ABOUT THIS EXERCISE: Give the line containing "this 1456×1456 image." again, exactly, along with all later lines of the entries, through the last one.
Segment Open
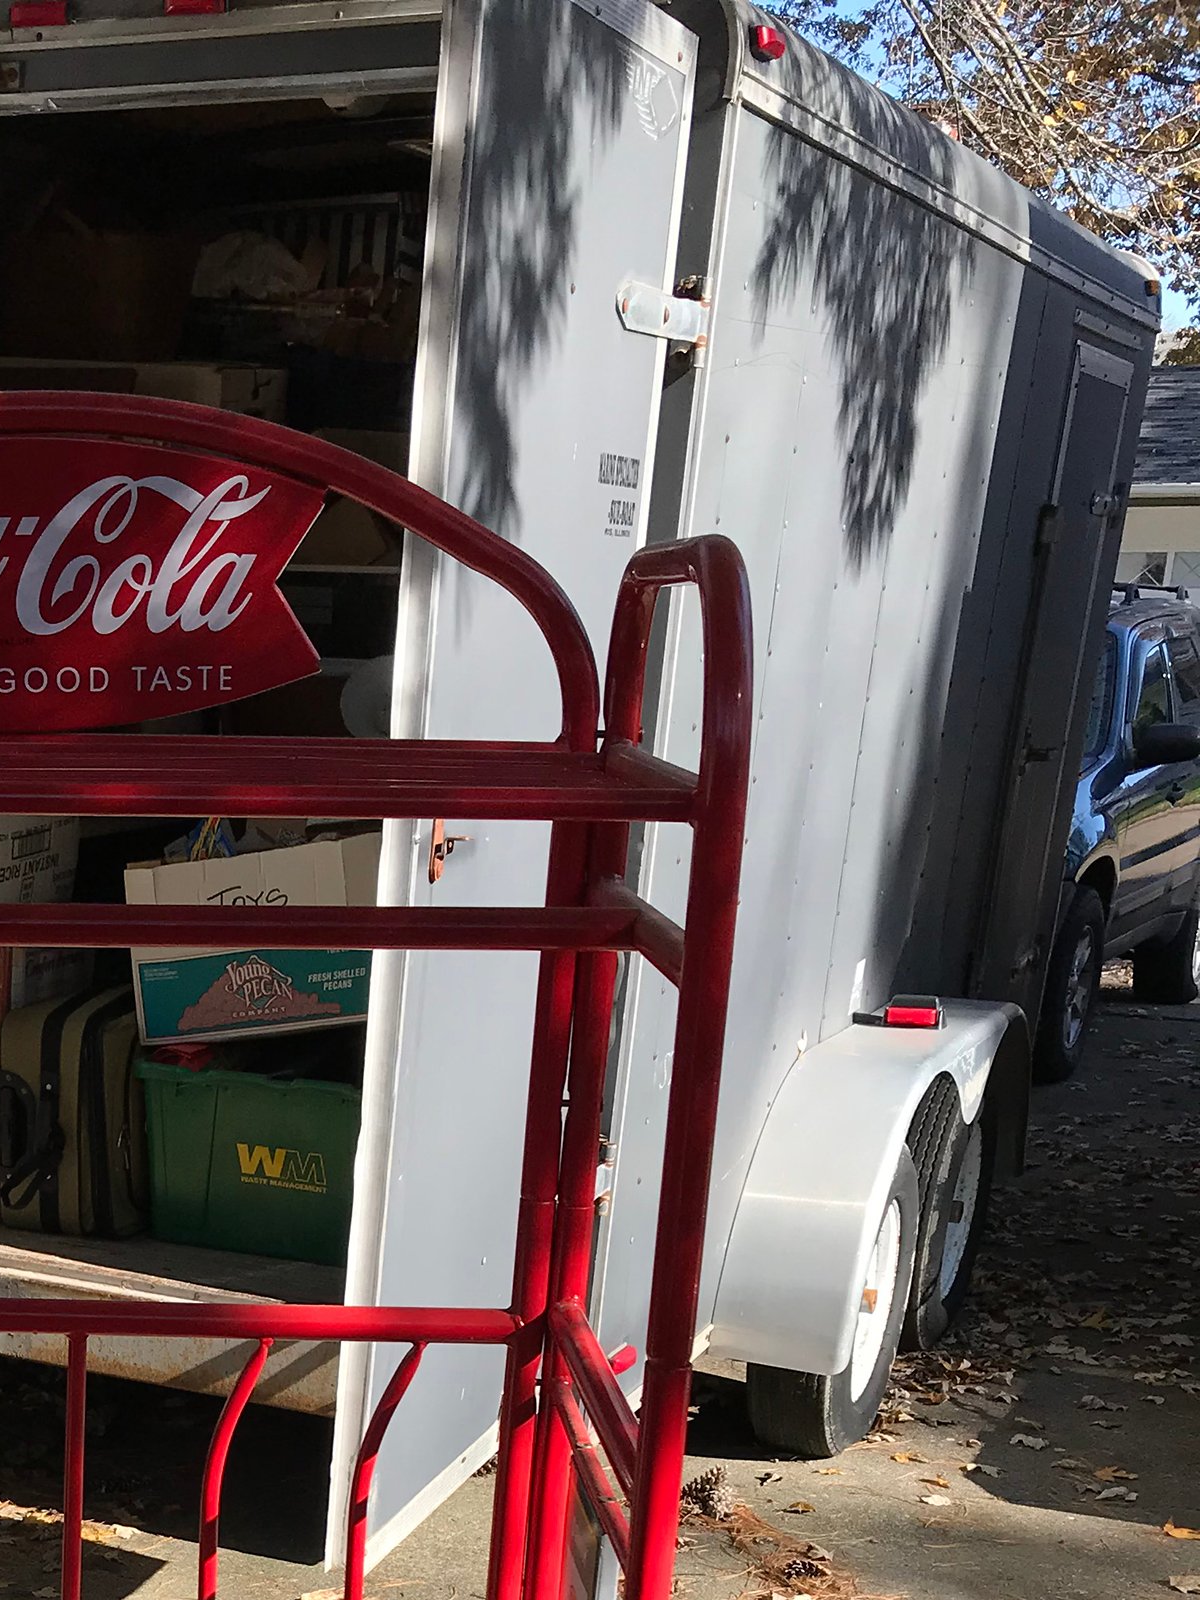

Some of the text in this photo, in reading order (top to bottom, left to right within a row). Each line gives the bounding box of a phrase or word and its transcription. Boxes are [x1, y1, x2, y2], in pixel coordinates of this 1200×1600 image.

[131, 664, 234, 692] TASTE
[225, 961, 273, 993] Young
[307, 967, 366, 983] FRESH SHELLED
[323, 980, 352, 991] PECANS
[242, 979, 293, 1007] PECAN
[236, 1143, 327, 1185] WM
[241, 1176, 327, 1193] WASTE MANAGEMENT
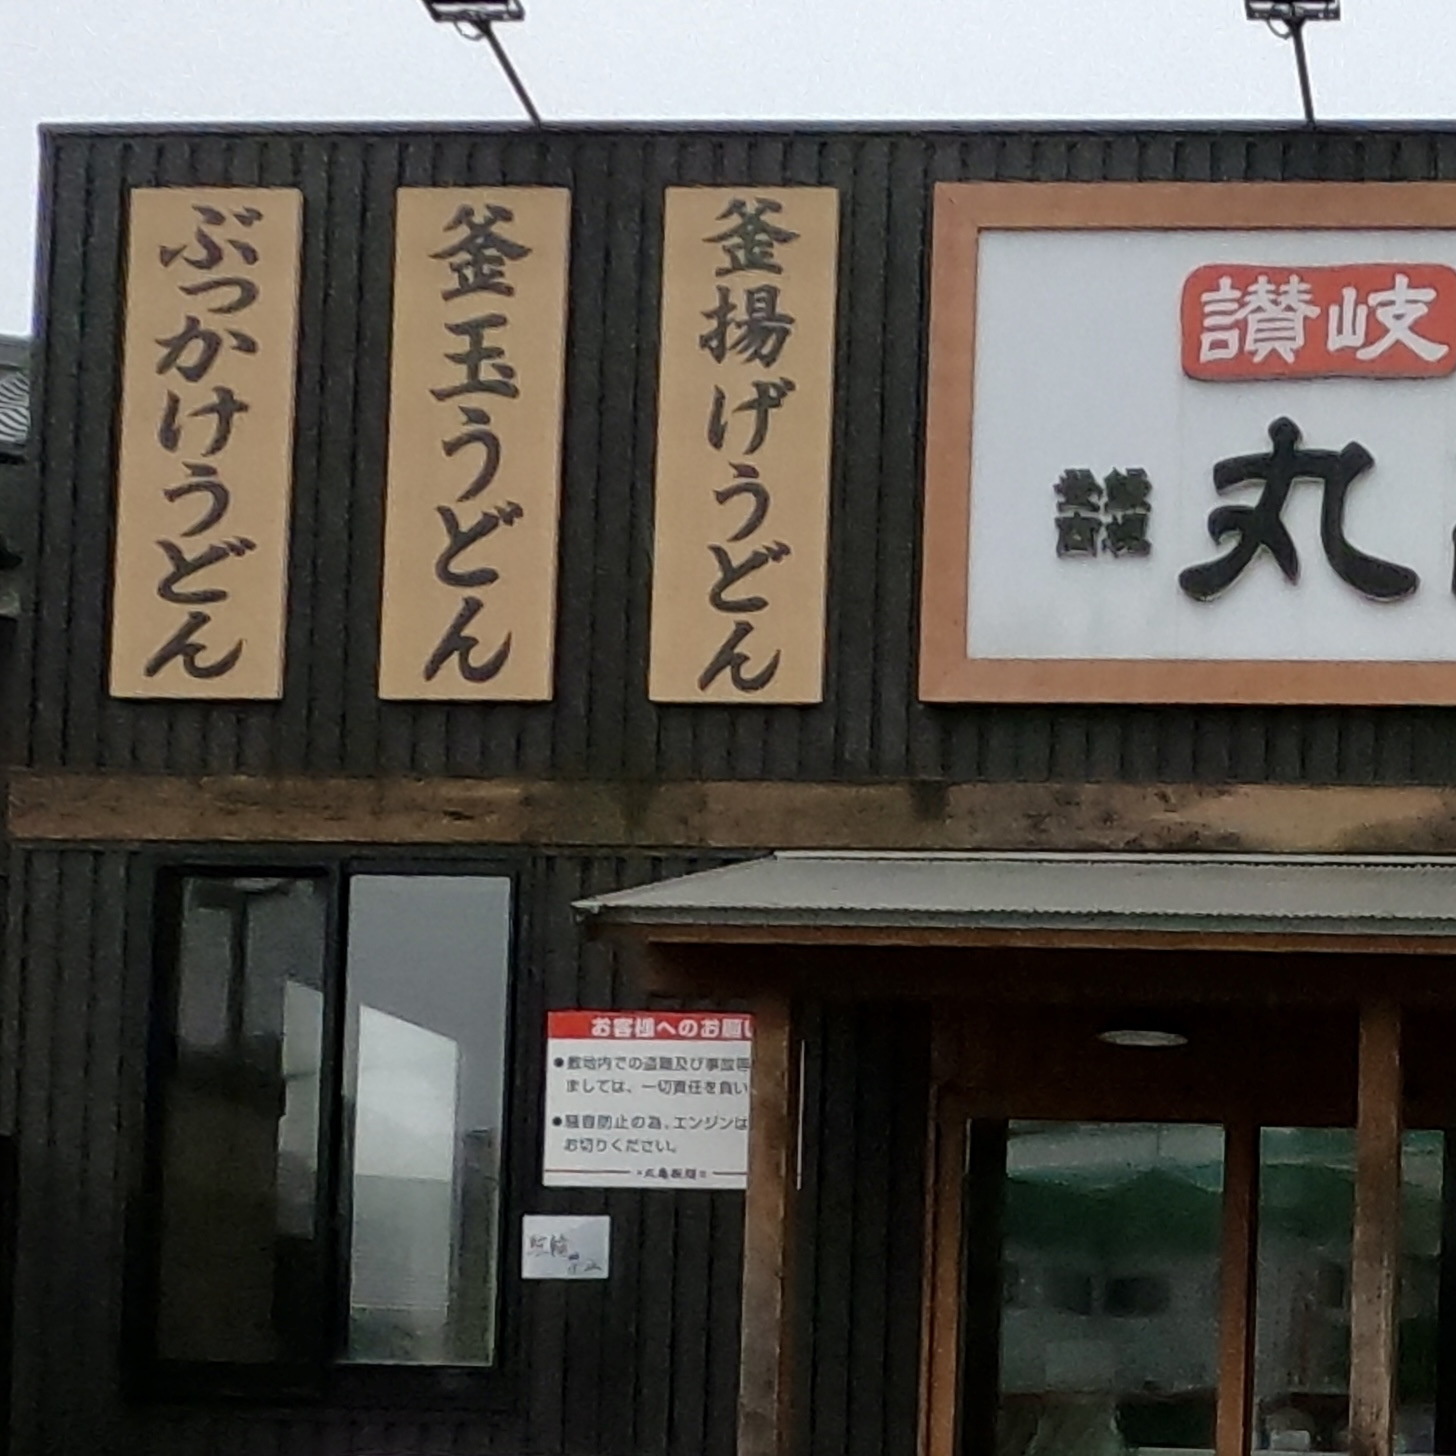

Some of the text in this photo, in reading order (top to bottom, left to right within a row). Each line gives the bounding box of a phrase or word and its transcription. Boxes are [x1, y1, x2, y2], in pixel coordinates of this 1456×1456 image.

[145, 205, 264, 680] ぶっかけうどん
[425, 204, 532, 683] 釜玉うどん
[698, 196, 799, 693] 釜揚げうどん
[1200, 273, 1450, 365] 讃岐
Segment Closed
SOLUTION TO THIS TASK:
Some of the text in this photo, in reading order (top to bottom, left to right within a row). Each line gives the bounding box of a phrase or word and its transcription. Boxes are [x1, y1, x2, y2], in pixel coordinates of this 1456×1456 image.

[145, 205, 264, 680] ぶっかけうどん
[425, 204, 532, 683] 釜玉うどん
[698, 196, 799, 693] 釜揚げうどん
[1200, 273, 1450, 365] 讃岐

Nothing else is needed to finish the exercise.